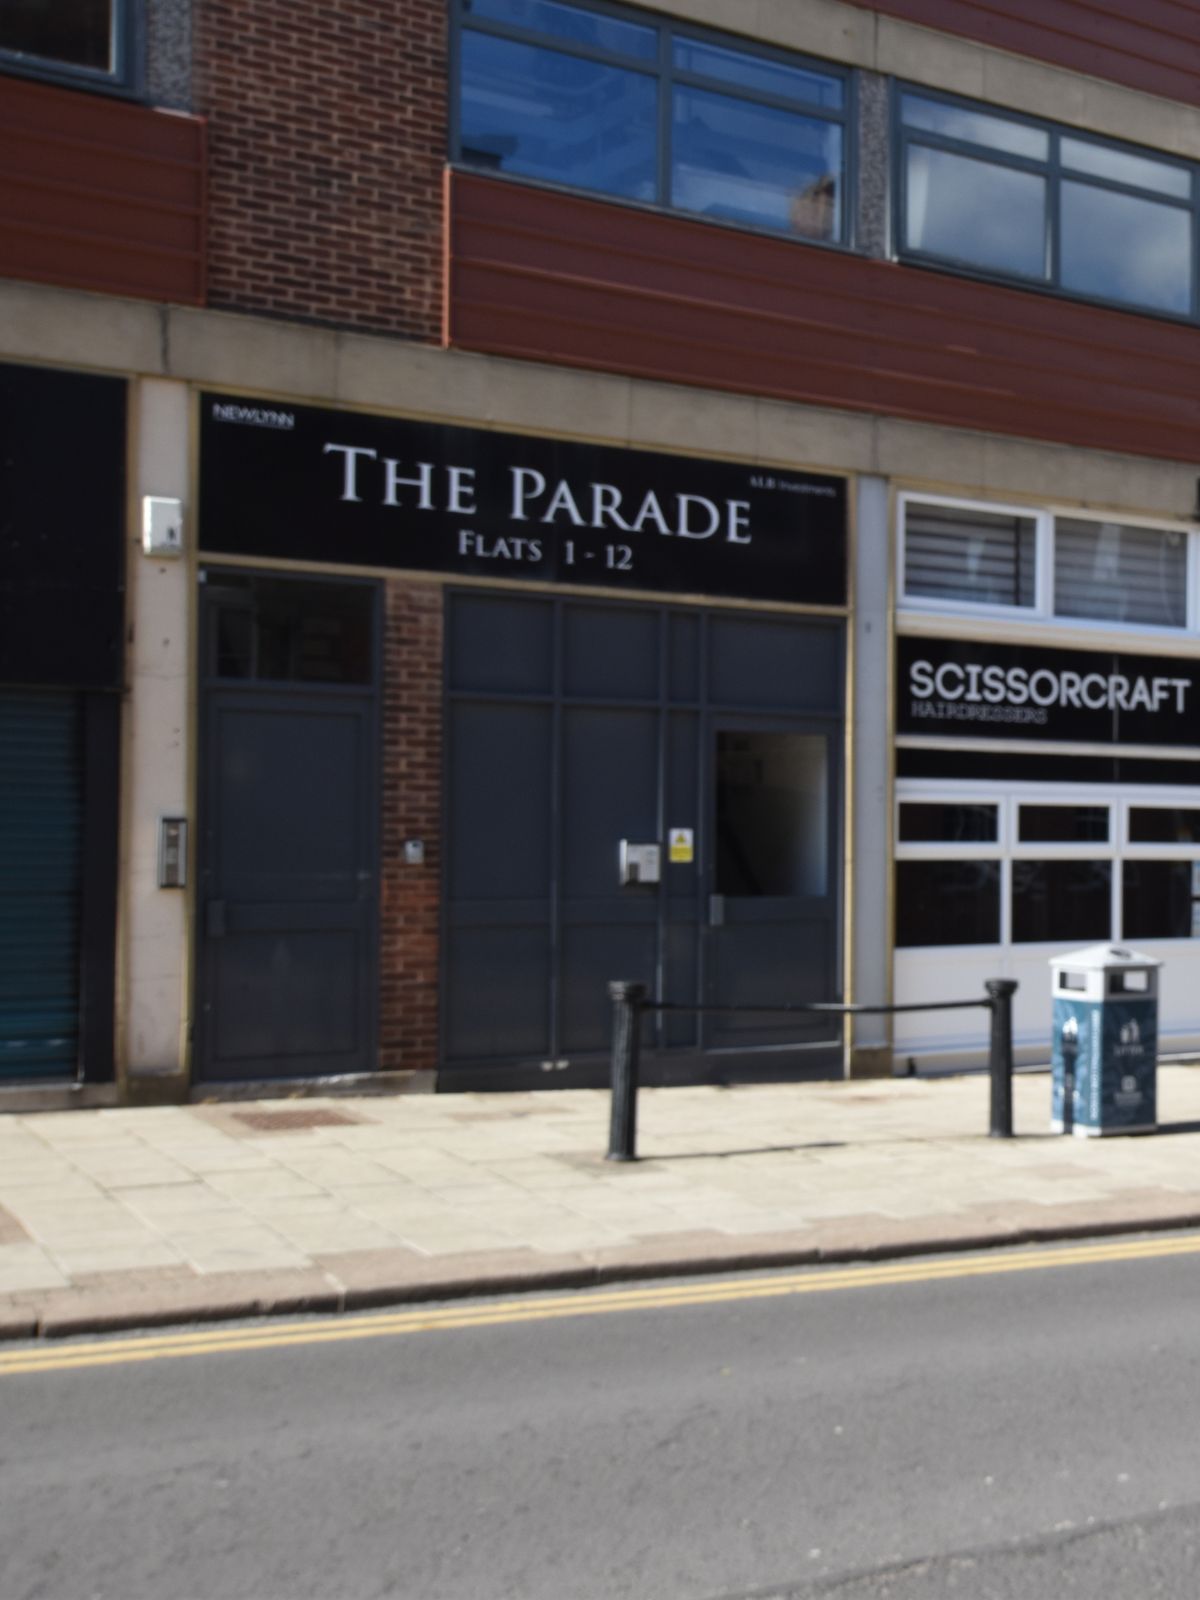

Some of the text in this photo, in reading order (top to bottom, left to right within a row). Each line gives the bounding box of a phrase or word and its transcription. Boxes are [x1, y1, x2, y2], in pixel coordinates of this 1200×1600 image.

[322, 442, 753, 546] THE PARADE
[457, 529, 543, 563] FLATS
[563, 539, 575, 566] 1
[606, 544, 634, 571] 12
[909, 659, 1191, 714] SCISSORCRAFT
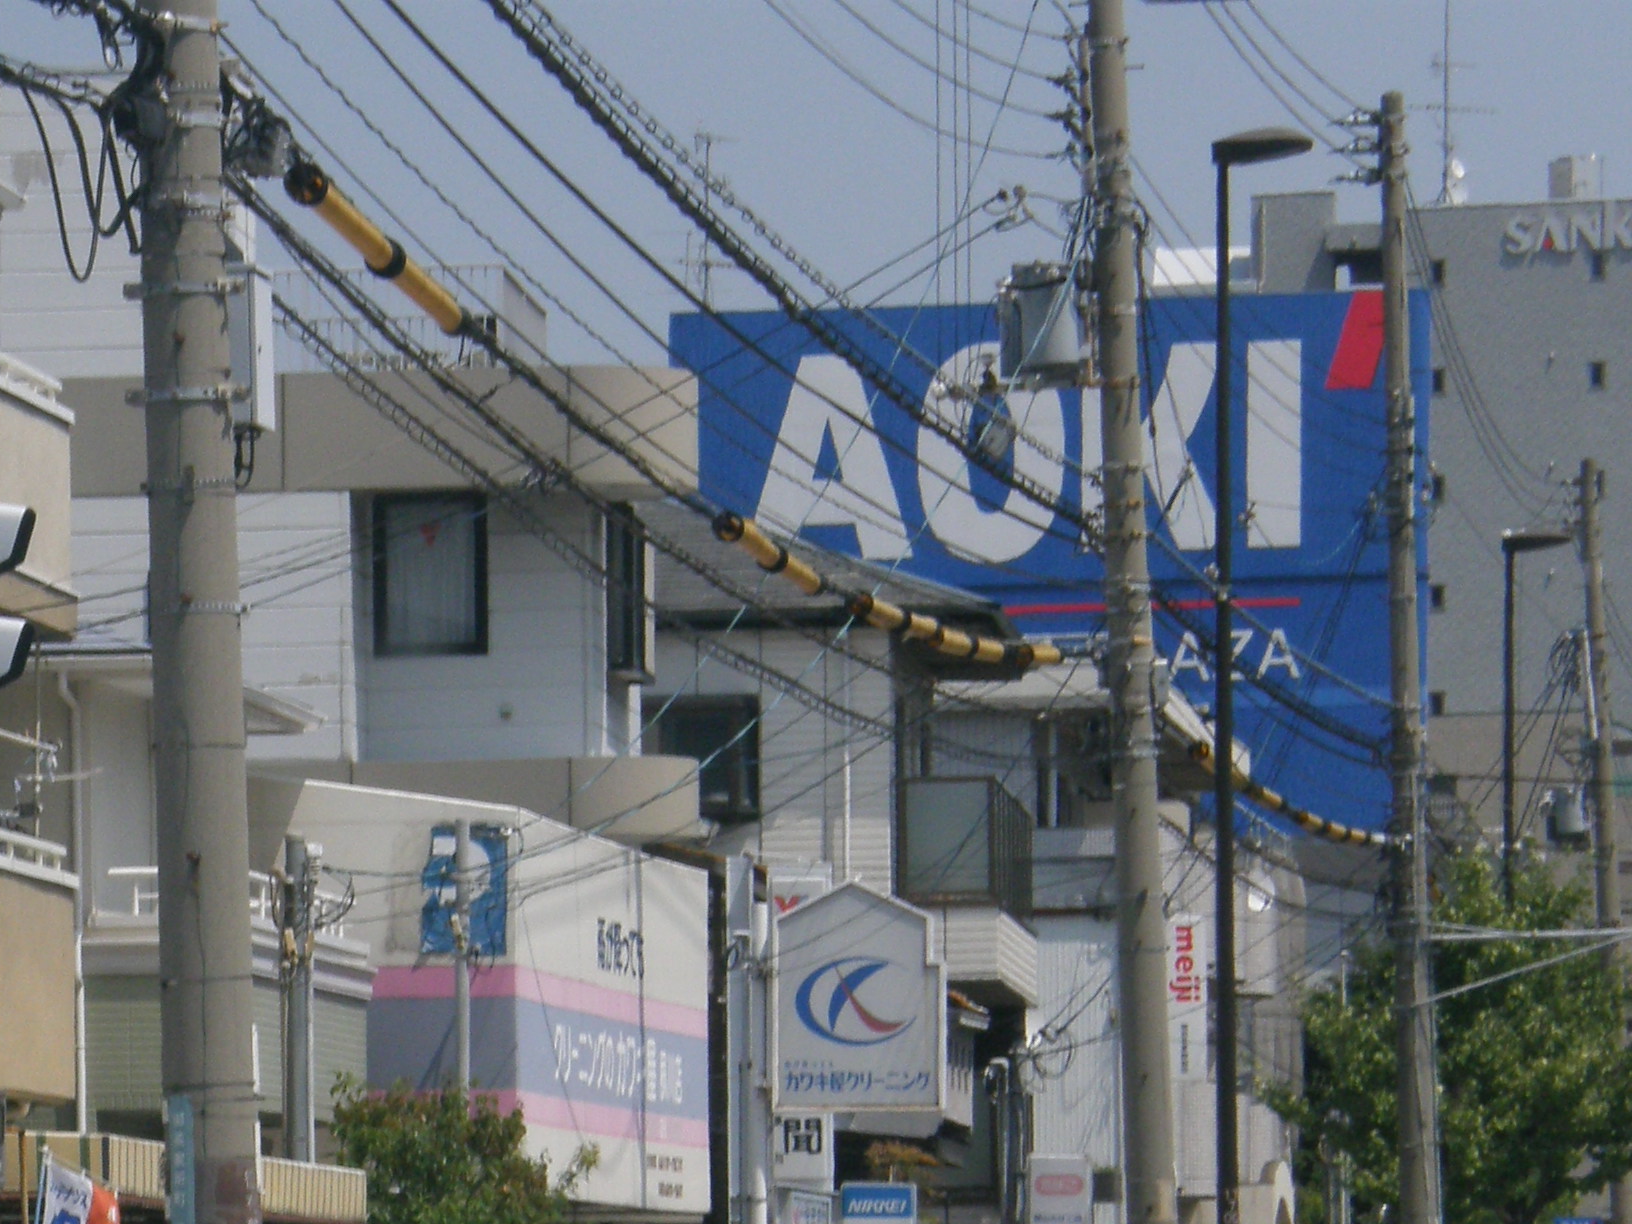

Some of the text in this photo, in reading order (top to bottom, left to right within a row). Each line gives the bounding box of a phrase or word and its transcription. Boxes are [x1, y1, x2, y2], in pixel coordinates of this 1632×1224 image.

[754, 339, 1303, 565] AOKI
[1169, 926, 1201, 1003] meiji
[847, 1198, 908, 1214] NIKKEI

WORK REQUEST
The answer consists only of the lines from the one containing "this 1632×1224 image." to the end of the records, each written out exactly.

YOUR SOLUTION
Some of the text in this photo, in reading order (top to bottom, left to right within a row). Each line gives the bounding box of a phrase or word and its transcription. Boxes are [x1, y1, x2, y2], in pixel coordinates of this 1632×1224 image.

[754, 339, 1303, 565] AOKI
[1169, 926, 1201, 1003] meiji
[847, 1198, 908, 1214] NIKKEI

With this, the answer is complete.